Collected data

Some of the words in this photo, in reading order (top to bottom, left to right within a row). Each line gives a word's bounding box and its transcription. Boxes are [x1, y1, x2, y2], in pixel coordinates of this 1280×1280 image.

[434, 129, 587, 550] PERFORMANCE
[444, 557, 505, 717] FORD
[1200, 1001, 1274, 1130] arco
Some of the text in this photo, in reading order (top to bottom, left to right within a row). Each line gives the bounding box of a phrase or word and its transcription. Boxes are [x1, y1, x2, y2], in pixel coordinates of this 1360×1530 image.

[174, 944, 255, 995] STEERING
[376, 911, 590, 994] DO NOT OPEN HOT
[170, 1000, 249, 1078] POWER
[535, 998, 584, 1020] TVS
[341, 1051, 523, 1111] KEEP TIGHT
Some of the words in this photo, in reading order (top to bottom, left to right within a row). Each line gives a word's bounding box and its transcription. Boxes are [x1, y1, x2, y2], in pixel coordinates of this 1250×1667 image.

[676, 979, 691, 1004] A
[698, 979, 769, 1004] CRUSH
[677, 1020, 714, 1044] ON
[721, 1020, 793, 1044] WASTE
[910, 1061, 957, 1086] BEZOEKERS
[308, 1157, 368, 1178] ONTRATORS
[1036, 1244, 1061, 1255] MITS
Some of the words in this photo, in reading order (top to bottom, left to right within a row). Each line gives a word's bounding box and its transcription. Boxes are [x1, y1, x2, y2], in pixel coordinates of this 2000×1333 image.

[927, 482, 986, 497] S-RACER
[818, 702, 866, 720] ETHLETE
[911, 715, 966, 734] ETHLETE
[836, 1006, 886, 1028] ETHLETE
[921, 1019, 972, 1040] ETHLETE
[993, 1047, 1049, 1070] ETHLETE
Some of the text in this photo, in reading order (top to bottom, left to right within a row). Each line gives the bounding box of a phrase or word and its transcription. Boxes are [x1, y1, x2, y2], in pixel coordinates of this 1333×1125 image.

- [Try it]: Your task is to copy all of the entries exactly.

- [Exercise answer]:
Some of the words in this photo, in reading order (top to bottom, left to right within a row). Each line gives a word's bounding box and its transcription. Boxes are [x1, y1, x2, y2], in pixel coordinates of this 1280×1280 image.

[434, 129, 587, 550] PERFORMANCE
[444, 557, 505, 717] FORD
[1200, 1001, 1274, 1130] arco
Some of the text in this photo, in reading order (top to bottom, left to right within a row). Each line gives the bounding box of a phrase or word and its transcription. Boxes are [x1, y1, x2, y2], in pixel coordinates of this 1360×1530 image.

[174, 944, 255, 995] STEERING
[376, 911, 590, 994] DO NOT OPEN HOT
[170, 1000, 249, 1078] POWER
[535, 998, 584, 1020] TVS
[341, 1051, 523, 1111] KEEP TIGHT
Some of the words in this photo, in reading order (top to bottom, left to right within a row). Each line gives a word's bounding box and its transcription. Boxes are [x1, y1, x2, y2], in pixel coordinates of this 1250×1667 image.

[676, 979, 691, 1004] A
[698, 979, 769, 1004] CRUSH
[677, 1020, 714, 1044] ON
[721, 1020, 793, 1044] WASTE
[910, 1061, 957, 1086] BEZOEKERS
[308, 1157, 368, 1178] ONTRATORS
[1036, 1244, 1061, 1255] MITS
Some of the words in this photo, in reading order (top to bottom, left to right within a row). Each line gives a word's bounding box and its transcription. Boxes are [x1, y1, x2, y2], in pixel coordinates of this 2000×1333 image.

[927, 482, 986, 497] S-RACER
[818, 702, 866, 720] ETHLETE
[911, 715, 966, 734] ETHLETE
[836, 1006, 886, 1028] ETHLETE
[921, 1019, 972, 1040] ETHLETE
[993, 1047, 1049, 1070] ETHLETE
Some of the text in this photo, in reading order (top to bottom, left to right within a row). Each line gives the bounding box of a phrase or word and its transcription. Boxes are [x1, y1, x2, y2], in pixel coordinates of this 1333×1125 image.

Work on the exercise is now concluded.